= Beginning of Section =
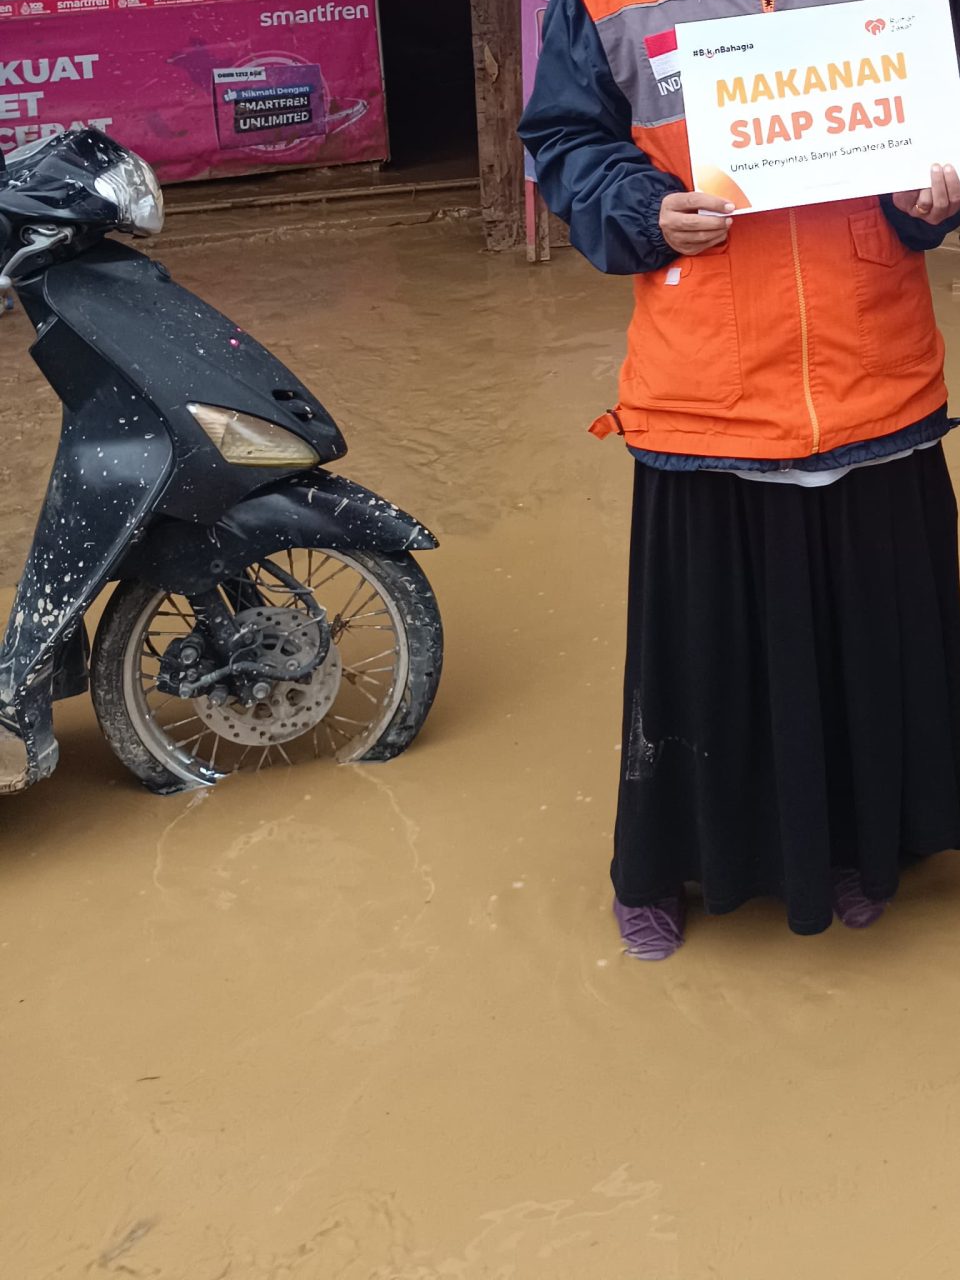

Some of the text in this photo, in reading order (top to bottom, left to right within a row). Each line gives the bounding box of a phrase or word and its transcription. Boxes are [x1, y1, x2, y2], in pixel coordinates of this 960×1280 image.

[260, 2, 369, 27] smartfren
[693, 43, 754, 58] #BknBahagia
[0, 54, 99, 86] KUAT
[715, 52, 908, 108] MAKANAN
[241, 86, 309, 98] Nikmati Dengan
[657, 76, 681, 96] IND
[239, 111, 309, 130] UNLIMITED
[729, 95, 905, 149] SIAP SAJI
[730, 137, 913, 173] Untuk Penyintas Banjir Sumatera Barat
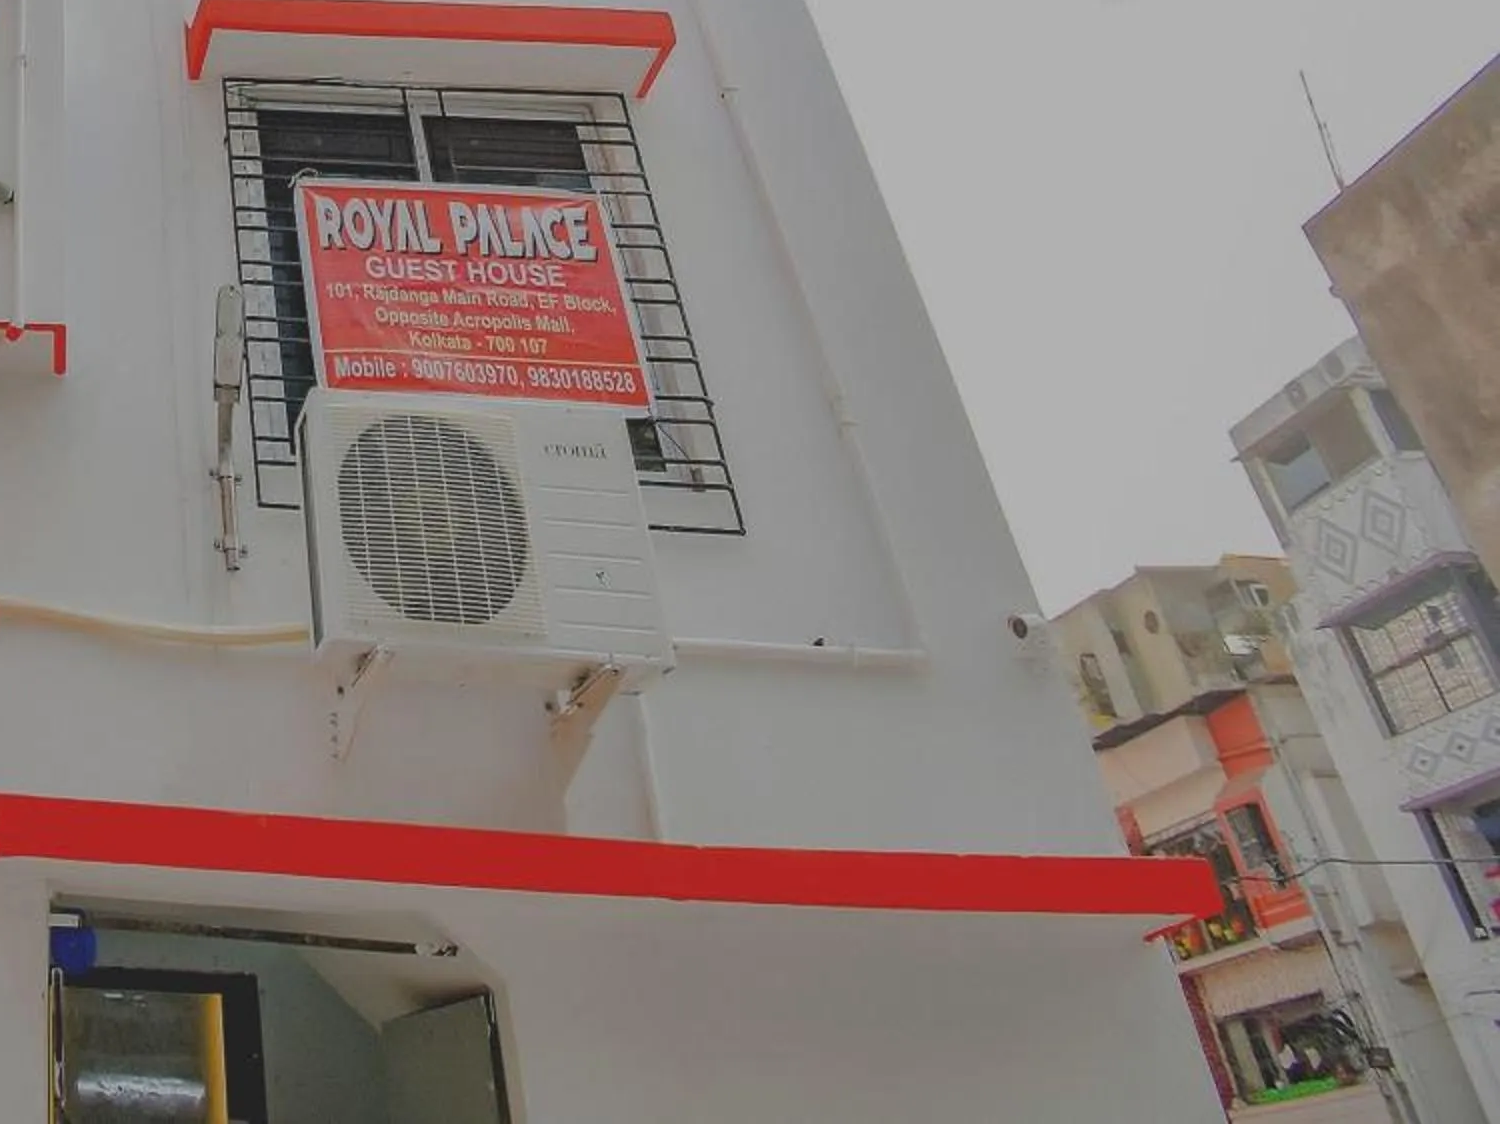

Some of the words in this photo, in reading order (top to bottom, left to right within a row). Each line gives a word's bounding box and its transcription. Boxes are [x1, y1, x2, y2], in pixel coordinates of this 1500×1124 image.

[315, 196, 443, 255] ROYAL
[447, 200, 598, 262] PALACE
[365, 255, 458, 281] GUEST
[467, 259, 567, 288] HOUSE
[442, 287, 481, 305] Main
[538, 292, 559, 309] EF
[375, 306, 449, 327] Opposite
[453, 311, 533, 332] Acropolis
[409, 330, 472, 350] Kolkata
[334, 354, 397, 379] Mobile
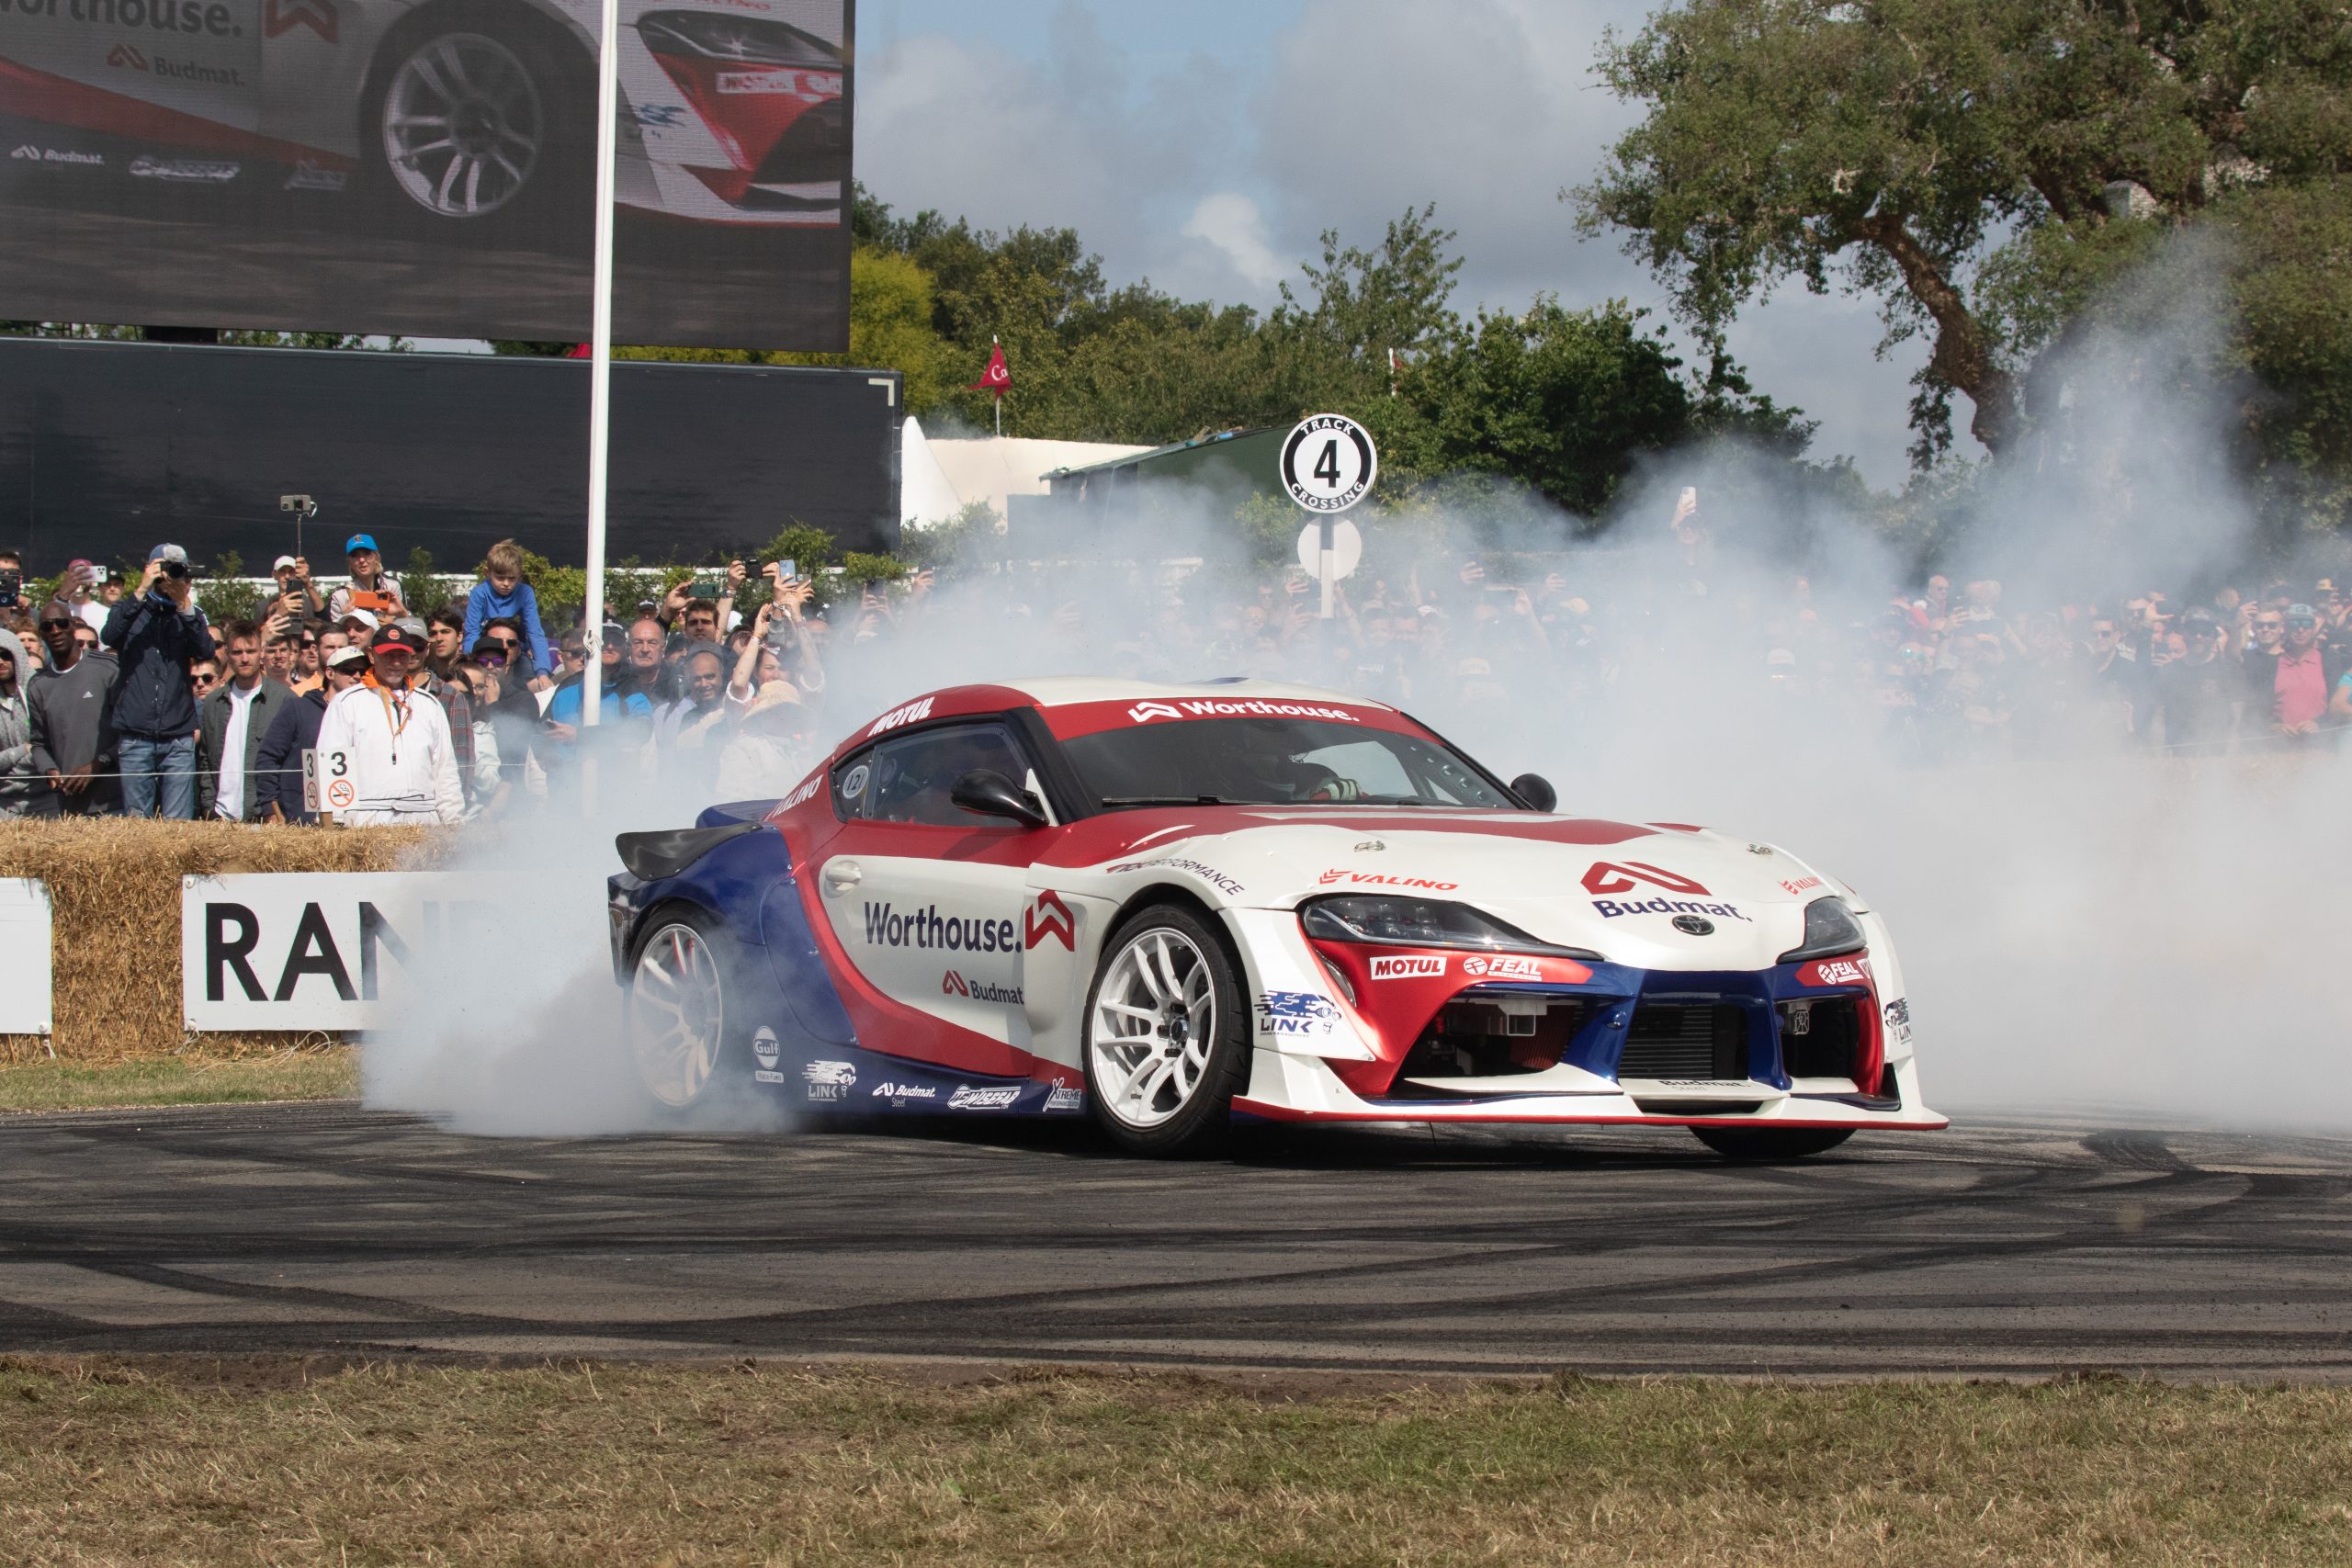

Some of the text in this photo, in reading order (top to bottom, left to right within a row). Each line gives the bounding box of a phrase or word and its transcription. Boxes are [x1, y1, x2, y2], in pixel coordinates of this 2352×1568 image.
= End of Section =
INSTRUCTIONS TO FOLLOW: The required output is every line of the data above, set down exactly and stripped of pictures.

RESPONSE AREA:
Some of the text in this photo, in reading order (top to bottom, left to right within a row). Each line gives the bounding box of a phrase or word and its transcription. Boxes are [x1, y1, x2, y2], in pixel coordinates of this 960×1280 image.

[260, 2, 369, 27] smartfren
[693, 43, 754, 58] #BknBahagia
[0, 54, 99, 86] KUAT
[715, 52, 908, 108] MAKANAN
[241, 86, 309, 98] Nikmati Dengan
[657, 76, 681, 96] IND
[239, 111, 309, 130] UNLIMITED
[729, 95, 905, 149] SIAP SAJI
[730, 137, 913, 173] Untuk Penyintas Banjir Sumatera Barat

Some of the words in this photo, in reading order (top to bottom, left to right within a row). Each line gives a word's bounding box and its transcription. Boxes are [x1, y1, x2, y2], in pixel coordinates of this 1500×1124 image.

[315, 196, 443, 255] ROYAL
[447, 200, 598, 262] PALACE
[365, 255, 458, 281] GUEST
[467, 259, 567, 288] HOUSE
[442, 287, 481, 305] Main
[538, 292, 559, 309] EF
[375, 306, 449, 327] Opposite
[453, 311, 533, 332] Acropolis
[409, 330, 472, 350] Kolkata
[334, 354, 397, 379] Mobile

Some of the text in this photo, in reading order (top to bottom, left to right within a row). Each line gives the bounding box of a phrase or word and its transcription. Boxes are [x1, y1, x2, y2], in pixel coordinates of this 2352×1568 image.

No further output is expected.